**Work item**: Would you restate the data exactly as given?

BEGIN Source material

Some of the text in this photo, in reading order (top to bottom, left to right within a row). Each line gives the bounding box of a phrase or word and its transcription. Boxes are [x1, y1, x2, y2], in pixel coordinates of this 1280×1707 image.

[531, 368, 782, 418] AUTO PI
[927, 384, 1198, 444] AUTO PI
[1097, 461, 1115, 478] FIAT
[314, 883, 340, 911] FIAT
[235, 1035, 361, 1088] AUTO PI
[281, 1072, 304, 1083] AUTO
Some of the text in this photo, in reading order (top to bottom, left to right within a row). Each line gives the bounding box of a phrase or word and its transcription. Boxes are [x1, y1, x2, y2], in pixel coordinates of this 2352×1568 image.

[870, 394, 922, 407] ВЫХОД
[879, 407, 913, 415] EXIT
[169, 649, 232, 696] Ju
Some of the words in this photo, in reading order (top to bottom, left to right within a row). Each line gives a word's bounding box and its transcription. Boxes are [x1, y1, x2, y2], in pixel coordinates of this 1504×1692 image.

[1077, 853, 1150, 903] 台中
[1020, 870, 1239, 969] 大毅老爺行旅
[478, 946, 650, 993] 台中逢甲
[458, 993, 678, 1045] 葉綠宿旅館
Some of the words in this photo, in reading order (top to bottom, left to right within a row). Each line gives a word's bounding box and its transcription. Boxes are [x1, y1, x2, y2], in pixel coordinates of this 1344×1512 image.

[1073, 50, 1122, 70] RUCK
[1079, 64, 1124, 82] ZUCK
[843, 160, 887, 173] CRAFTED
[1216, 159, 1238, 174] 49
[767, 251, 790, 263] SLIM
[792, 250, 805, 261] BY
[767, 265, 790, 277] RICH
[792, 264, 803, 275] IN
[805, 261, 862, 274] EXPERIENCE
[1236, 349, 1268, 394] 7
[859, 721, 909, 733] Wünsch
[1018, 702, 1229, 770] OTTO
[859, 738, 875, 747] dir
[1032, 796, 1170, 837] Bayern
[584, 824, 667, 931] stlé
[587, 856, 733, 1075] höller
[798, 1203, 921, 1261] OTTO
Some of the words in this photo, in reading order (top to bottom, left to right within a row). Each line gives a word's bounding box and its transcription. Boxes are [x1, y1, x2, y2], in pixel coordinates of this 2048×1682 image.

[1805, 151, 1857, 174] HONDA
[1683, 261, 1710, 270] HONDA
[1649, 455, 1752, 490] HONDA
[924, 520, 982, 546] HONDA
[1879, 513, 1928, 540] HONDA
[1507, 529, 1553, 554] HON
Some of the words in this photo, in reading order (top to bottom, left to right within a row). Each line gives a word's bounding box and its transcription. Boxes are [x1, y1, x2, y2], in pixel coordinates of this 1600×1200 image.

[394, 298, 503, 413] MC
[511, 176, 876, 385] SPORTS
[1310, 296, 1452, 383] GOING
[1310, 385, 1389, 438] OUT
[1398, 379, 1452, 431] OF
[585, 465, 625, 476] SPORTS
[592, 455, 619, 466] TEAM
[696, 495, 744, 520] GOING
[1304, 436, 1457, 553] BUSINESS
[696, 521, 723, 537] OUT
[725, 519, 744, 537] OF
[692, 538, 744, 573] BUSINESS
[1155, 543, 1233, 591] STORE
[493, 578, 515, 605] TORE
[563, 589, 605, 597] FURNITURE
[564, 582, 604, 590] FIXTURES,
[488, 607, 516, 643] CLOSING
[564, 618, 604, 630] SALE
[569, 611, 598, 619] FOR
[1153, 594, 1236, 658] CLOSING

END Source material

**Response to this exercise**:
Some of the text in this photo, in reading order (top to bottom, left to right within a row). Each line gives the bounding box of a phrase or word and its transcription. Boxes are [x1, y1, x2, y2], in pixel coordinates of this 1280×1707 image.

[531, 368, 782, 418] AUTO PI
[927, 384, 1198, 444] AUTO PI
[1097, 461, 1115, 478] FIAT
[314, 883, 340, 911] FIAT
[235, 1035, 361, 1088] AUTO PI
[281, 1072, 304, 1083] AUTO
Some of the text in this photo, in reading order (top to bottom, left to right within a row). Each line gives the bounding box of a phrase or word and its transcription. Boxes are [x1, y1, x2, y2], in pixel coordinates of this 2352×1568 image.

[870, 394, 922, 407] ВЫХОД
[879, 407, 913, 415] EXIT
[169, 649, 232, 696] Ju
Some of the words in this photo, in reading order (top to bottom, left to right within a row). Each line gives a word's bounding box and its transcription. Boxes are [x1, y1, x2, y2], in pixel coordinates of this 1504×1692 image.

[1077, 853, 1150, 903] 台中
[1020, 870, 1239, 969] 大毅老爺行旅
[478, 946, 650, 993] 台中逢甲
[458, 993, 678, 1045] 葉綠宿旅館
Some of the words in this photo, in reading order (top to bottom, left to right within a row). Each line gives a word's bounding box and its transcription. Boxes are [x1, y1, x2, y2], in pixel coordinates of this 1344×1512 image.

[1073, 50, 1122, 70] RUCK
[1079, 64, 1124, 82] ZUCK
[843, 160, 887, 173] CRAFTED
[1216, 159, 1238, 174] 49
[767, 251, 790, 263] SLIM
[792, 250, 805, 261] BY
[767, 265, 790, 277] RICH
[792, 264, 803, 275] IN
[805, 261, 862, 274] EXPERIENCE
[1236, 349, 1268, 394] 7
[859, 721, 909, 733] Wünsch
[1018, 702, 1229, 770] OTTO
[859, 738, 875, 747] dir
[1032, 796, 1170, 837] Bayern
[584, 824, 667, 931] stlé
[587, 856, 733, 1075] höller
[798, 1203, 921, 1261] OTTO
Some of the words in this photo, in reading order (top to bottom, left to right within a row). Each line gives a word's bounding box and its transcription. Boxes are [x1, y1, x2, y2], in pixel coordinates of this 2048×1682 image.

[1805, 151, 1857, 174] HONDA
[1683, 261, 1710, 270] HONDA
[1649, 455, 1752, 490] HONDA
[924, 520, 982, 546] HONDA
[1879, 513, 1928, 540] HONDA
[1507, 529, 1553, 554] HON
Some of the words in this photo, in reading order (top to bottom, left to right within a row). Each line gives a word's bounding box and its transcription. Boxes are [x1, y1, x2, y2], in pixel coordinates of this 1600×1200 image.

[394, 298, 503, 413] MC
[511, 176, 876, 385] SPORTS
[1310, 296, 1452, 383] GOING
[1310, 385, 1389, 438] OUT
[1398, 379, 1452, 431] OF
[585, 465, 625, 476] SPORTS
[592, 455, 619, 466] TEAM
[696, 495, 744, 520] GOING
[1304, 436, 1457, 553] BUSINESS
[696, 521, 723, 537] OUT
[725, 519, 744, 537] OF
[692, 538, 744, 573] BUSINESS
[1155, 543, 1233, 591] STORE
[493, 578, 515, 605] TORE
[563, 589, 605, 597] FURNITURE
[564, 582, 604, 590] FIXTURES,
[488, 607, 516, 643] CLOSING
[564, 618, 604, 630] SALE
[569, 611, 598, 619] FOR
[1153, 594, 1236, 658] CLOSING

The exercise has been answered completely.